Já no exterior, na rotunda da Avenida dos Liquidâmbares, “The Curious Vortex” assume-se como a mais espectacular entre as onze peças que compõem esta exposição. Associado às pesquisas de Olafur Eliasson em torno da geometria, da construção de espaços, da criação de ambientes e da sua reflexão sobre questões sociais e culturais, este pavilhão de grandes dimensões em aço inoxidável inspira-se nos movimentos giratórios do redemoinho, fenómeno natural criado por uma massa rodopiante de vento e água. O artista relaciona este fenómeno com a actividade das instituições museológicas na sociedade contemporânea: tal como os campos de força do vórtice se desenvolvem em redor de um centro de rotação, também os museus têm a capacidade de canalizar pensamentos, ideias, sentimentos, afectos.

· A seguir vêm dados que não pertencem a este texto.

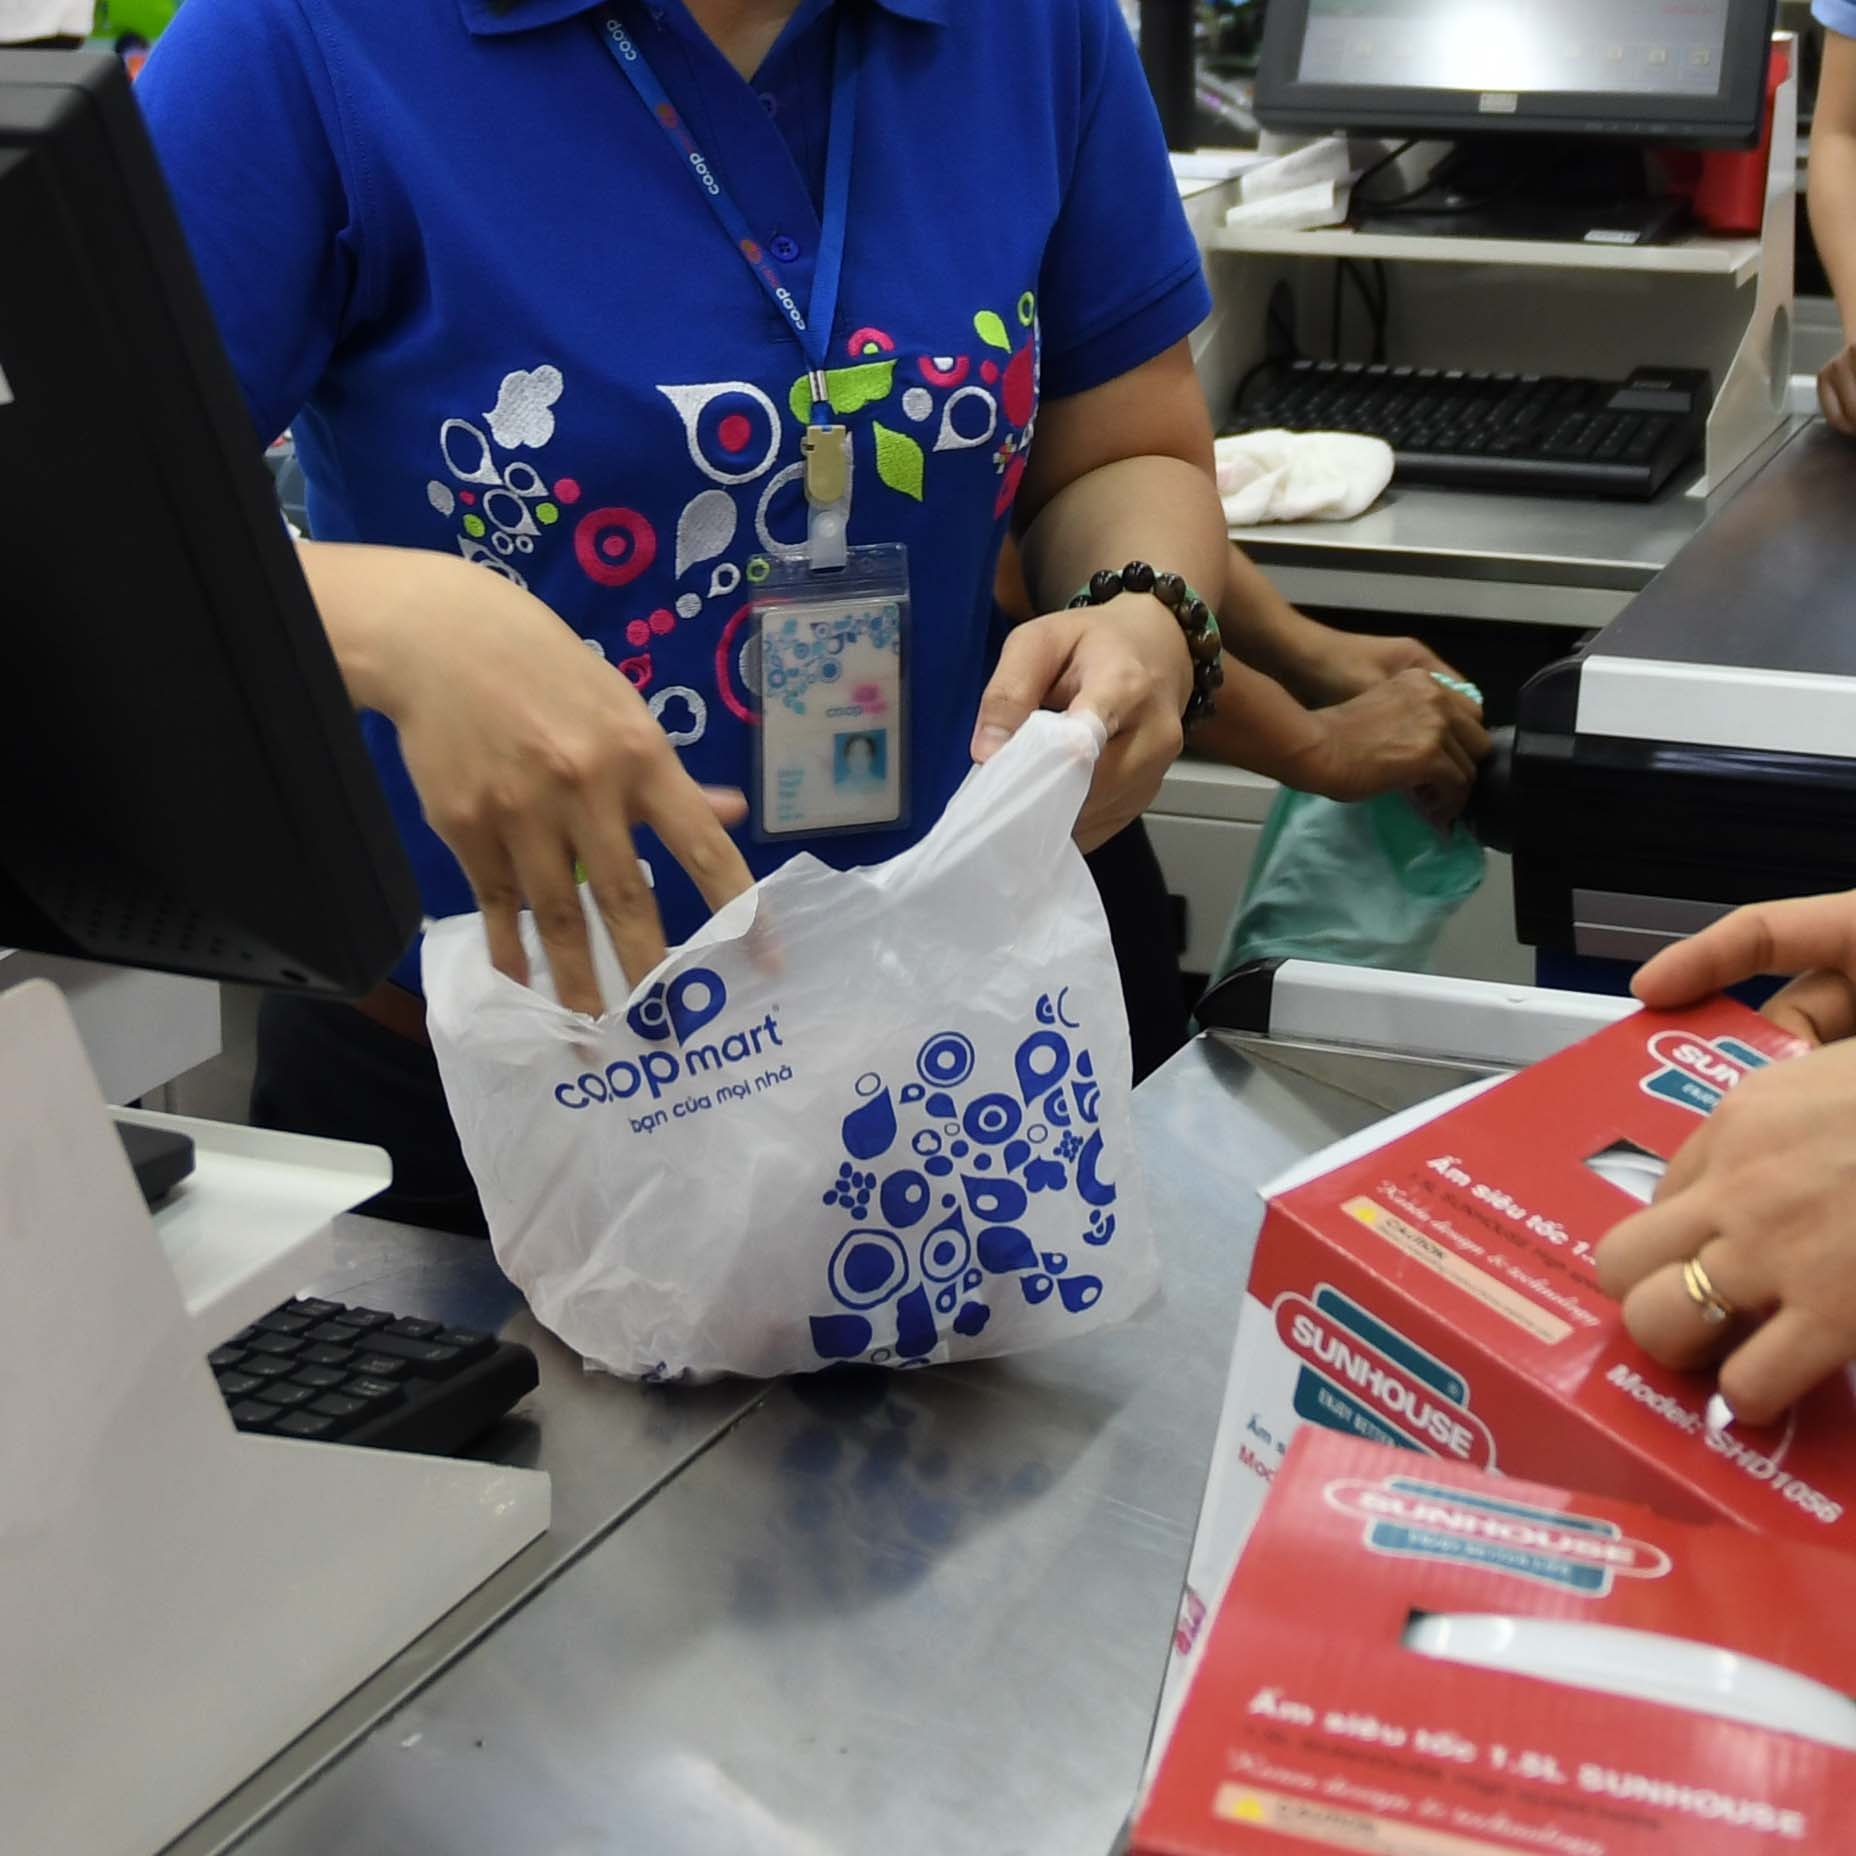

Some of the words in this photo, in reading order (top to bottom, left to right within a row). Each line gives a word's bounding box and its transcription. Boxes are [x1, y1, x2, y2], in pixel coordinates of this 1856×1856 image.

[627, 1103, 671, 1135] bạn
[672, 1094, 713, 1123] của
[715, 1079, 753, 1113] mọi
[755, 1063, 795, 1099] nhà
[1471, 1183, 1528, 1221] siêu
[1524, 1214, 1570, 1245] tốc
[1291, 1313, 1475, 1460] SUNHOUSE
[1359, 1492, 1636, 1567] SUNHOUSE
[1249, 1684, 1315, 1729] Ấm
[1323, 1706, 1408, 1749] siêu
[1413, 1725, 1478, 1764] tốc
[1576, 1762, 1806, 1839] SUNHOUSE

Na Clareira dos Teixos, são apresentadas as três esculturas “Human Time Is Movement (Winter, Spring and Summer). As formas criadas por estas três espirais de aço inoxidável pretas e brancas, criadas a partir de um modelo matemático, desenvolvem-se no espaço como se de três desenhos se tratasse. Variações sobre uma curva Clelia — uma linha traçada pela rota de um ponto à medida que se move em simultâneo em torno de dois eixos de uma esfera —, as três formas, muito diversas entre si, comunicam o sentido da passagem do tempo materializada no movimento. Retomando uma tipologia de obras já apresentadas noutros contextos, Eliasson distribuiu também por vários espaços do Parque “Arctic Tree Horizon, replicando nos espaços verdes de Serralves as costas da Islândia — país onde chegam constantemente troncos trazidos da Sibéria pelas correntes marítimas. Para esta exposição, o artista revestiu troncos com tinta preta que evoca o alcatrão — um material noutros tempos usado para impermeabilizar os navios —, criando marcos na paisagem que evocam as migrações, a circulação e, num âmbito mais lato, o sistema ecológico em que vivemos. A exposição mantém-se patente ao público até 14 de Junho, excepção feita ao núcleo instalado no interior do Museu, o qual é visitável apenas até ao próximo dia 08 de Março.